Content starts

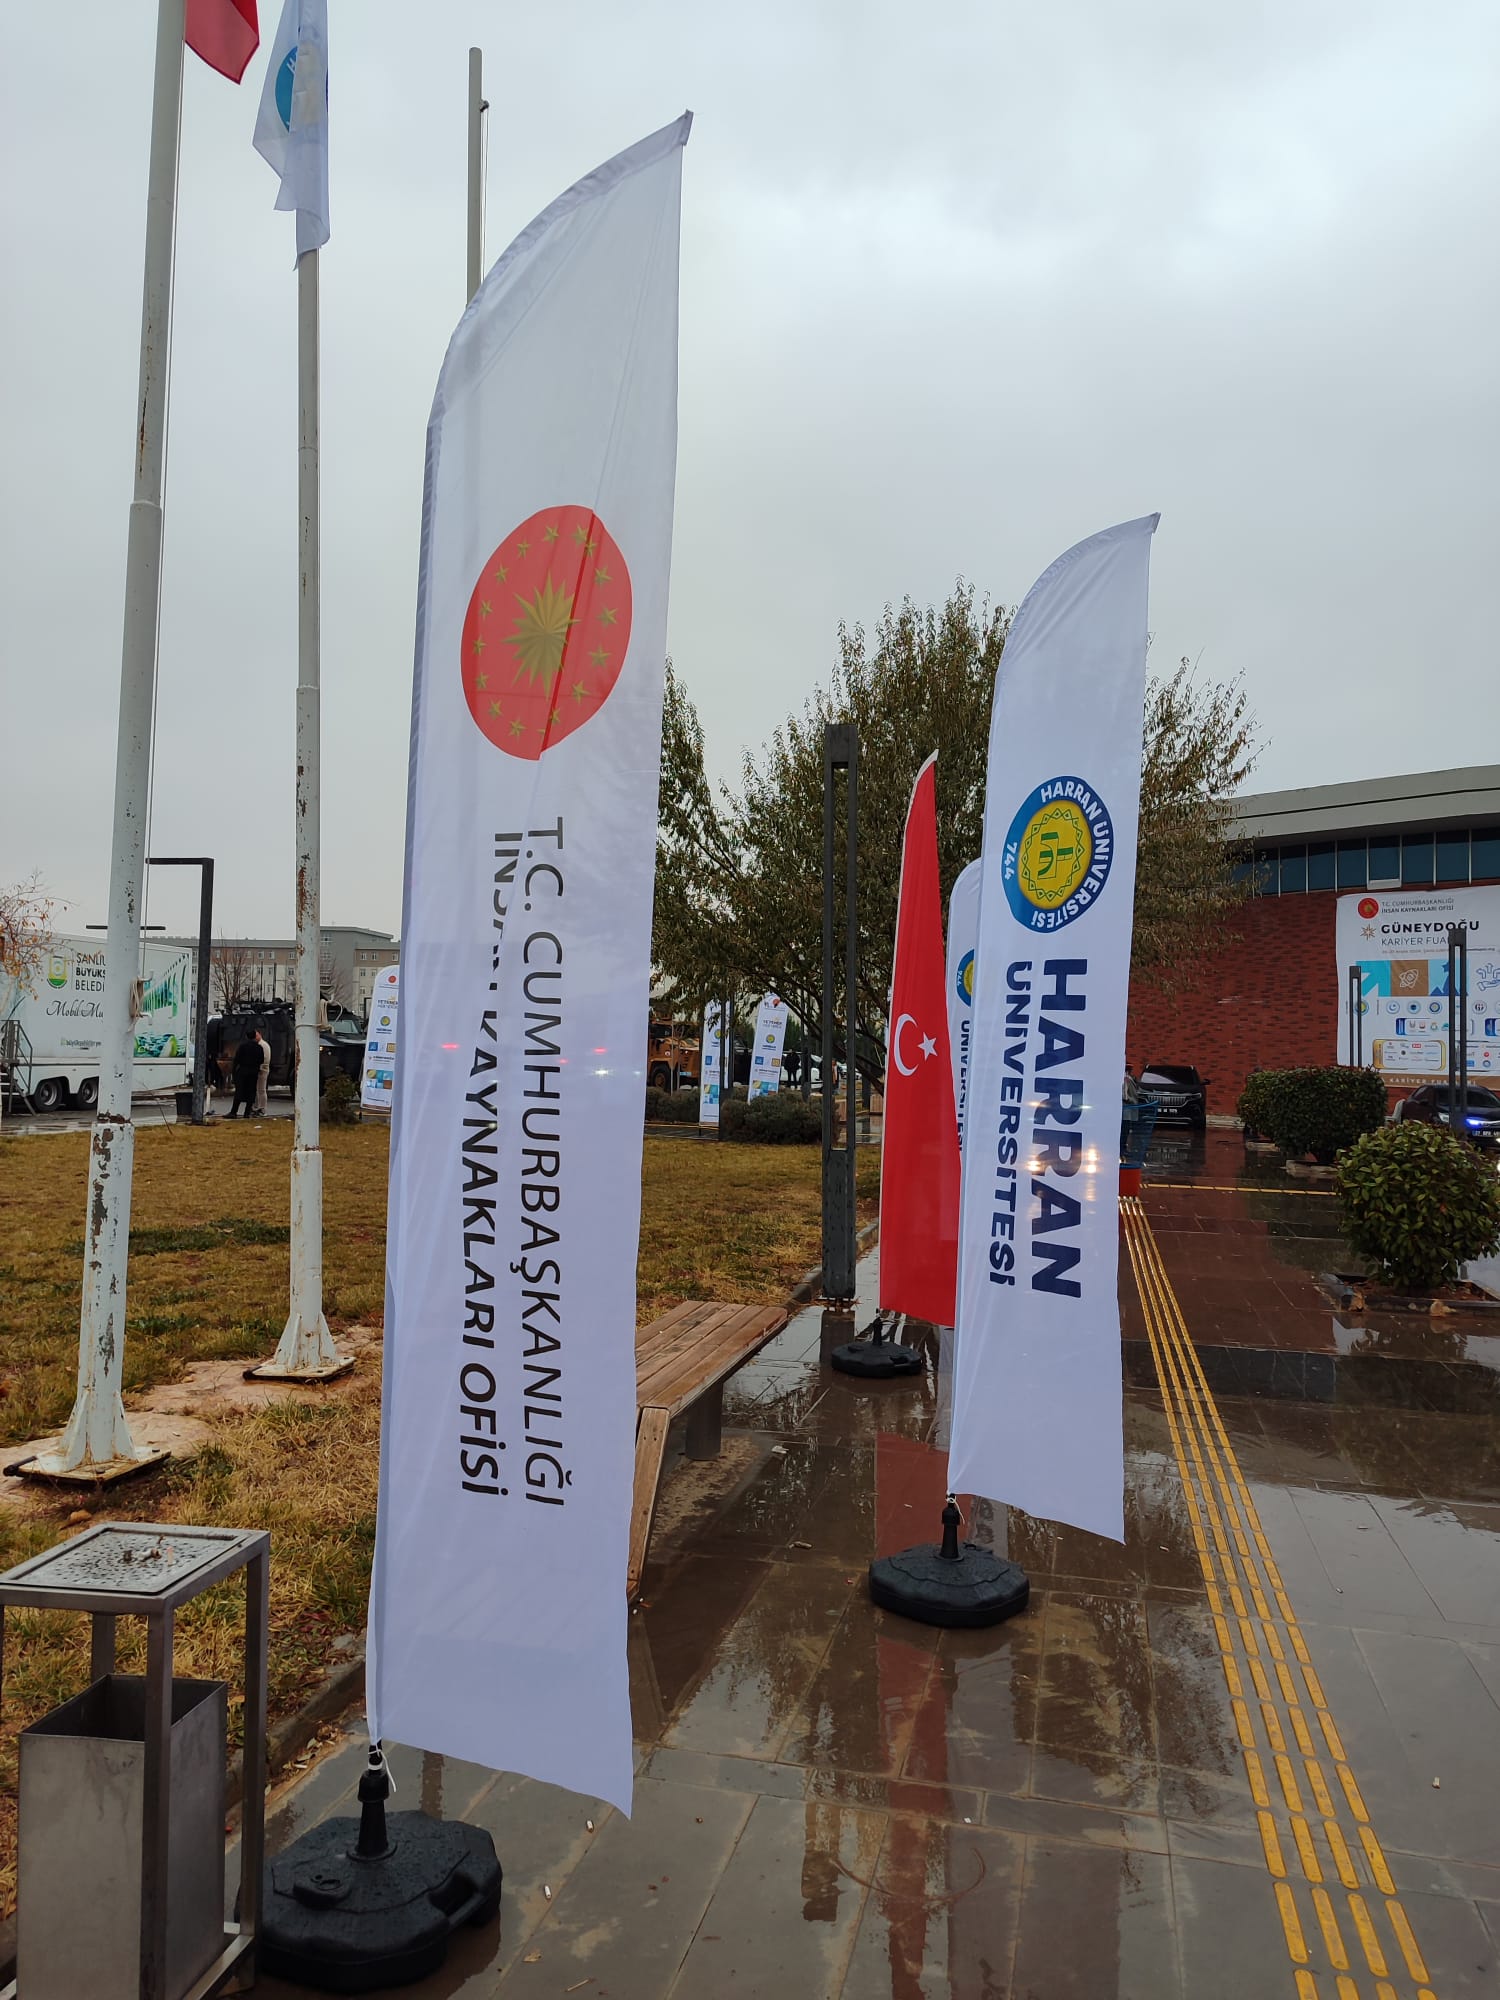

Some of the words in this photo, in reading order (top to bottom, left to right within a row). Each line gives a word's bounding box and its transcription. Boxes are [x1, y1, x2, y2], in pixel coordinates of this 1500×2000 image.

[1041, 780, 1102, 821] HARRAN
[525, 816, 563, 911] T.C.
[1004, 841, 1018, 881] 744
[1031, 820, 1109, 929] ÜNİVERSİTESİ
[1381, 919, 1479, 934] GÜNEYDOĞU
[1381, 937, 1423, 946] KARİYER
[1426, 936, 1449, 945] FUA
[75, 980, 105, 992] BELEDİ
[989, 961, 1033, 1287] ÜNİVERSİTESİ
[1030, 958, 1088, 1299] HARRAN
[510, 931, 572, 1506] CUMHURBAŞKANLIĞI
[460, 1362, 509, 1495] OFİSİ

Content ends

The copy must match every line of the data exactly and contain no pictures.

Some of the words in this photo, in reading order (top to bottom, left to right within a row). Each line gives a word's bounding box and its transcription. Boxes are [x1, y1, x2, y2], in pixel coordinates of this 1500×2000 image.

[1041, 780, 1102, 821] HARRAN
[525, 816, 563, 911] T.C.
[1004, 841, 1018, 881] 744
[1031, 820, 1109, 929] ÜNİVERSİTESİ
[1381, 919, 1479, 934] GÜNEYDOĞU
[1381, 937, 1423, 946] KARİYER
[1426, 936, 1449, 945] FUA
[75, 980, 105, 992] BELEDİ
[989, 961, 1033, 1287] ÜNİVERSİTESİ
[1030, 958, 1088, 1299] HARRAN
[510, 931, 572, 1506] CUMHURBAŞKANLIĞI
[460, 1362, 509, 1495] OFİSİ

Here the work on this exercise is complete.